▶ [Work instructions] Go through the listing below and output it word for word.

▶ [Given data]
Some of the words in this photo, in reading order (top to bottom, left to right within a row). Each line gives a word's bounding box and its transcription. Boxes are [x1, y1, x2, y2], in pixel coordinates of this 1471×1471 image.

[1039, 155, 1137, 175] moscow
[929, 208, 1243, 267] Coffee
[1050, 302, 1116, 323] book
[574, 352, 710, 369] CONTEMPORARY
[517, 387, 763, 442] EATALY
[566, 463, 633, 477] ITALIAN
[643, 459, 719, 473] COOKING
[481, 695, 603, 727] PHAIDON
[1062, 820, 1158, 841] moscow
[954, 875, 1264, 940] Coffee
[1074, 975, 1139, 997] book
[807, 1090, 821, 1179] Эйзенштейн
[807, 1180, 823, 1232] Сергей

▶ [Solution]
Some of the words in this photo, in reading order (top to bottom, left to right within a row). Each line gives a word's bounding box and its transcription. Boxes are [x1, y1, x2, y2], in pixel coordinates of this 1471×1471 image.

[1039, 155, 1137, 175] moscow
[929, 208, 1243, 267] Coffee
[1050, 302, 1116, 323] book
[574, 352, 710, 369] CONTEMPORARY
[517, 387, 763, 442] EATALY
[566, 463, 633, 477] ITALIAN
[643, 459, 719, 473] COOKING
[481, 695, 603, 727] PHAIDON
[1062, 820, 1158, 841] moscow
[954, 875, 1264, 940] Coffee
[1074, 975, 1139, 997] book
[807, 1090, 821, 1179] Эйзенштейн
[807, 1180, 823, 1232] Сергей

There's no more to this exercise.